Copying many blobs with the Content Transfer Tool (CTT) may take multiple days.
To speed up the extraction and ingestion phases of the content transfer activity to move content to AEM as a Cloud Service, CTT can use AzCopy as an optional pre-copy step. This pre-copy step can be used when the source AEM instance is configured to use an Amazon S3, Azure Blob Storage data store, or File Data Store. The pre-copy step is most effective for the first full extraction and ingestion. However, using pre-copy for subsequent top-ups is not recommended (if the top-up size is less than 200 GB) because it may add time to the entire process. Once this pre-step is configured, in the extraction phase, AzCopy copies blobs from Amazon S3, Azure Blob Storage, or File data store to the migration set blob store. In the ingestion phase, AzCopy copies blobs from the migration set blob store to the destination AEM as a Cloud Service blob store.
Follow the section below to understand the important considerations before starting:
Starting from version 2.0.16 of CTT, the precopy setup is done automatically when the bundle is installed. Also, if the migration set size is greater than 200 GB, the extraction process automatically uses the precopy feature. The azcopy.config file is created in the crx-quickstart/cloud-migration/ directory. You do not need to manually do the precopy setup if you are using CTT version 2.0.16 or later.
Source AEM version must be 6.3 - 6.5.
Source AEM’s data store is configured to use Amazon S3 or Azure Blob Storage. For more details, see Configuring node stores and data stores in AEM 6.
Each migration set copies the entire data store, so only a single migration set should be used.
You need access to install AzCopy on the instance (or VM) running the source AEM instance.
Data Store Garbage Collection has been run within the previous seven days on the source. For more details, see Data store garbage collection.
There is a cost associated with transferring data out of Amazon S3 and Azure Blob Storage. The transfer cost is relative to the total amount of data in your existing storage container (whether referenced in AEM, or not).

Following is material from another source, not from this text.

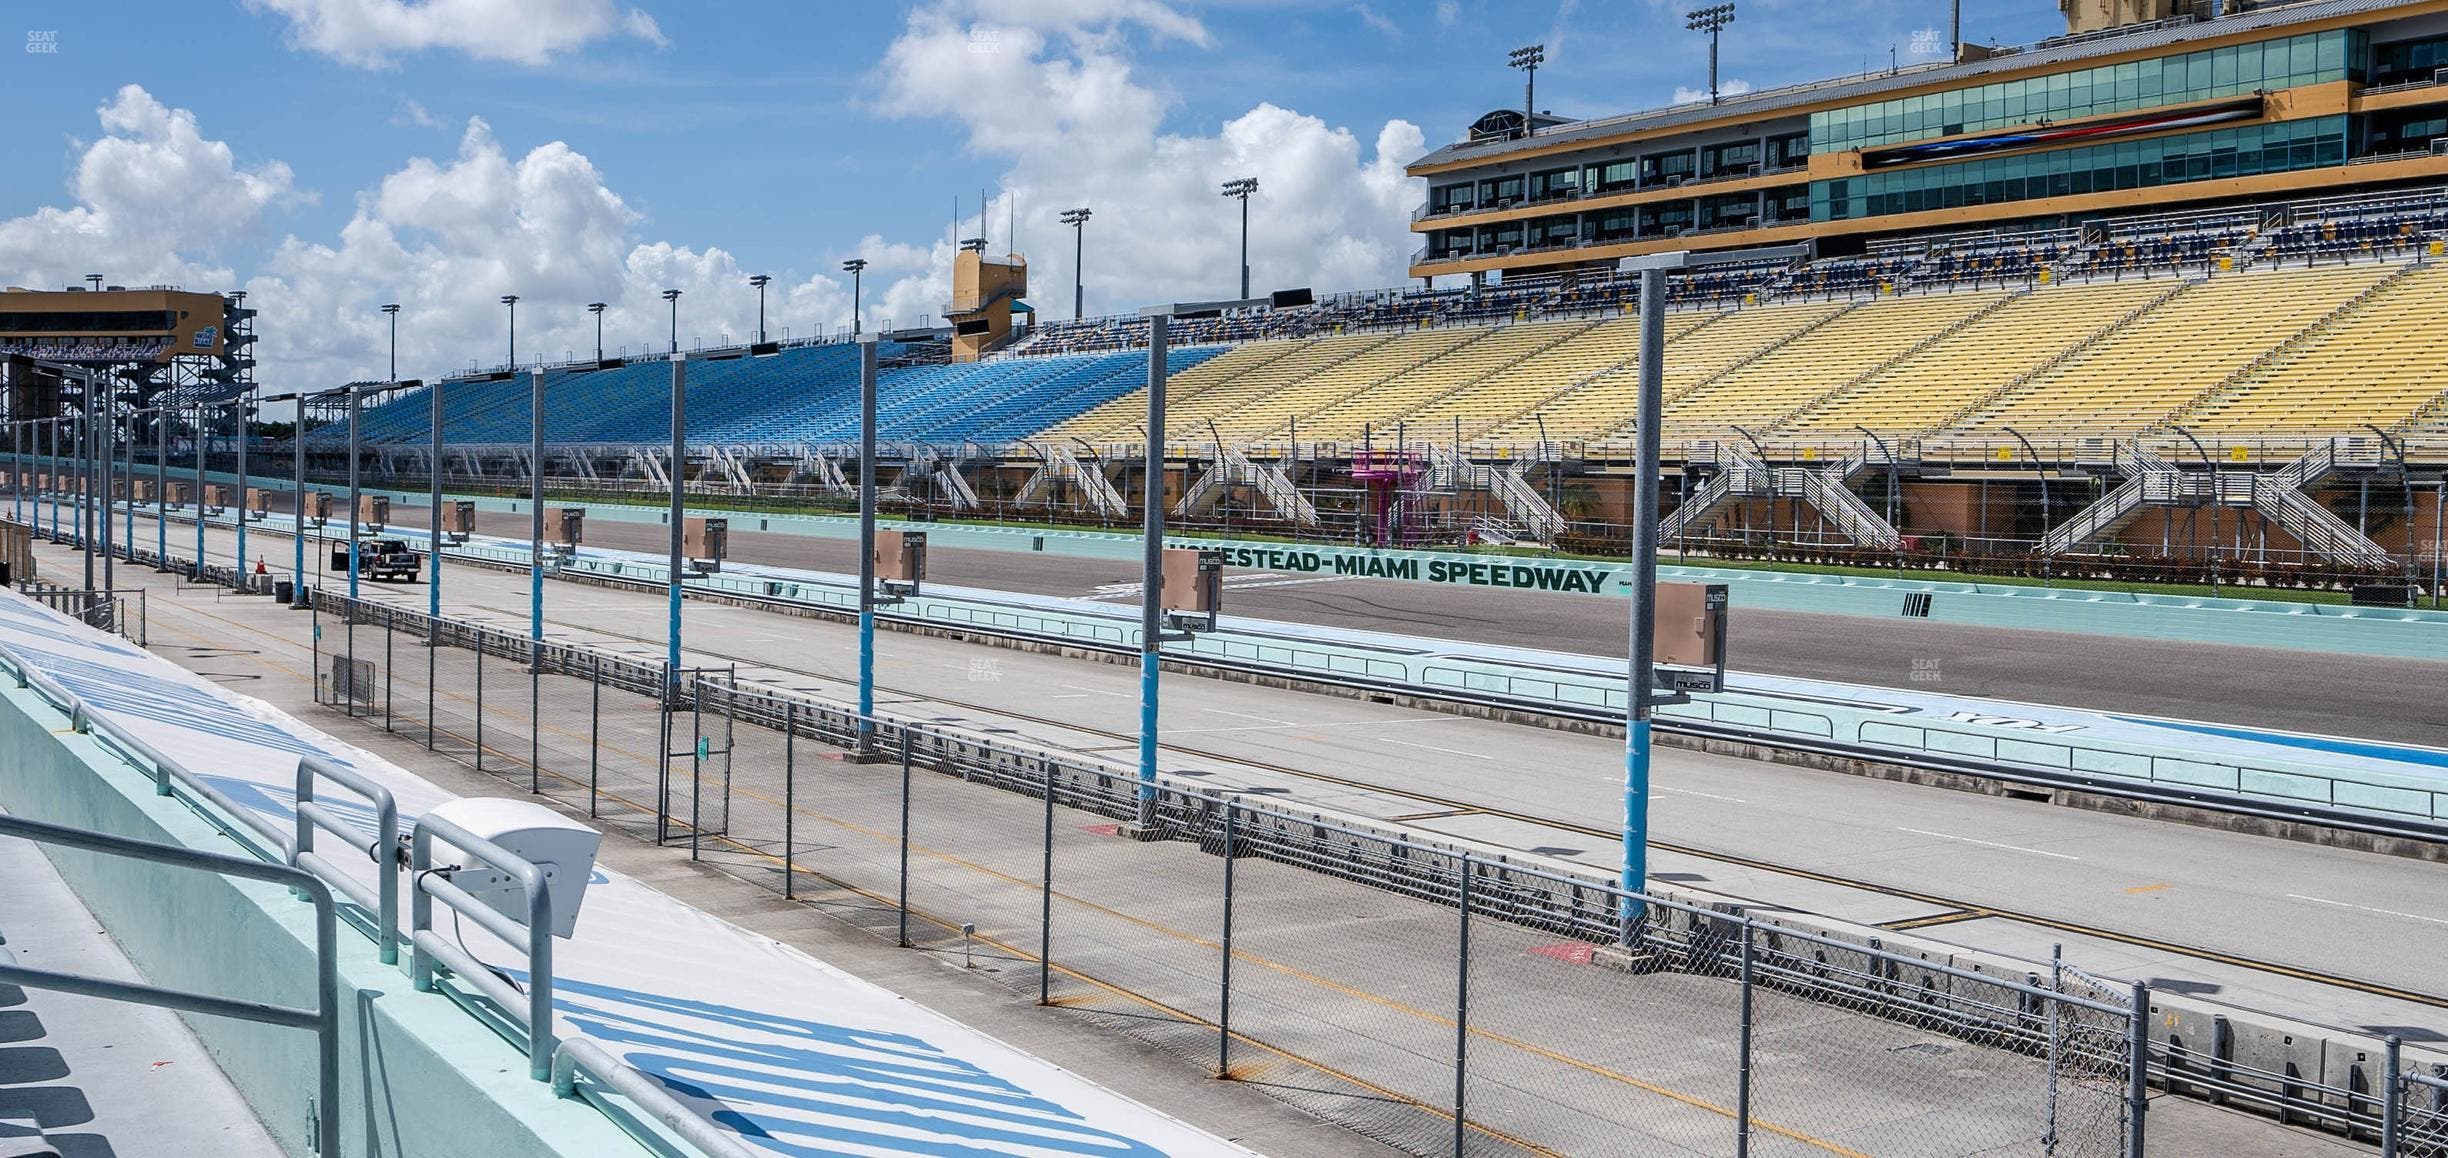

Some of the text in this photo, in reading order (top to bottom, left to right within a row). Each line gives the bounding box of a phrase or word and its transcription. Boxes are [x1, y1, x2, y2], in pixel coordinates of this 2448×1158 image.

[1428, 561, 1610, 593] SPEEDWAY
[1706, 591, 1726, 602] musco
[1675, 680, 1711, 690] musco

See Amazon S3 and Azure Blob Storage for more details.
You need either an access key and secret key pair for the existing source Amazon S3 bucket, or a SAS URI for the existing source Azure Blob Storage container (read-only access is fine).
The local system must have free space strictly greater than 1/256 size of the source datastore. For example, if the size of the datastore is 3 terabytes, free space greater than 11.72 GB must exist in the
crx-quickstart/cloud-migration folder on the source for AzCopy to work. At a minimum, the source system should have 1 GB of free space. Free space can be obtained by using
df -h command on Linux® instances, and dir command in the Windows instances.

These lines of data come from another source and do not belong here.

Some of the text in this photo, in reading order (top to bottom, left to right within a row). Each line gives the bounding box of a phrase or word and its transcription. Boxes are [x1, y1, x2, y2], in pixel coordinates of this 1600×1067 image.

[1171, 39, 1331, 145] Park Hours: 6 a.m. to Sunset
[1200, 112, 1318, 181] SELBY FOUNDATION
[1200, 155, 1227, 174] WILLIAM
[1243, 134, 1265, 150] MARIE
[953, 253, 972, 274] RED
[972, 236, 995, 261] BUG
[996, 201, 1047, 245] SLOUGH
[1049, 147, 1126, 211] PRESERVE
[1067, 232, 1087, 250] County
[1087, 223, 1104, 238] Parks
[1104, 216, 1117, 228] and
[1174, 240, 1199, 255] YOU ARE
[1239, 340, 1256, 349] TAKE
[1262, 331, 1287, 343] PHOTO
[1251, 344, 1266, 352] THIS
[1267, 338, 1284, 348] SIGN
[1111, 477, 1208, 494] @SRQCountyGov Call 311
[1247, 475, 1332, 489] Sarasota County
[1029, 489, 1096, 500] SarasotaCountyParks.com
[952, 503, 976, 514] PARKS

Each time extraction is run with AzCopy enabled, the entire file datastore is flattened and copied to the cloud migration container. If your migration set is smaller than the size of your datastore, then AzCopy extraction is not the optimal approach.
Once AzCopy has been used to copy over the existing datastore, disable it for delta or top-up extractions.

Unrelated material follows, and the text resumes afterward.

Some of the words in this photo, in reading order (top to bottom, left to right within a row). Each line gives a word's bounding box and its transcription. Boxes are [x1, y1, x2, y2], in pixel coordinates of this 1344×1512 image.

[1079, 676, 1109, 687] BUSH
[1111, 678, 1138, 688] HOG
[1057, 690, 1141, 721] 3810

Starting from version 2.0.16 of CTT, the precopy setup is done automatically when the bundle is installed. Also, if the migration set size is greater than 200 GB, the extraction process automatically uses the precopy feature. The azcopy.config file is created in the crx-quickstart/cloud-migration/ directory. If you would like to update the configuration of the file manually, review the sections below.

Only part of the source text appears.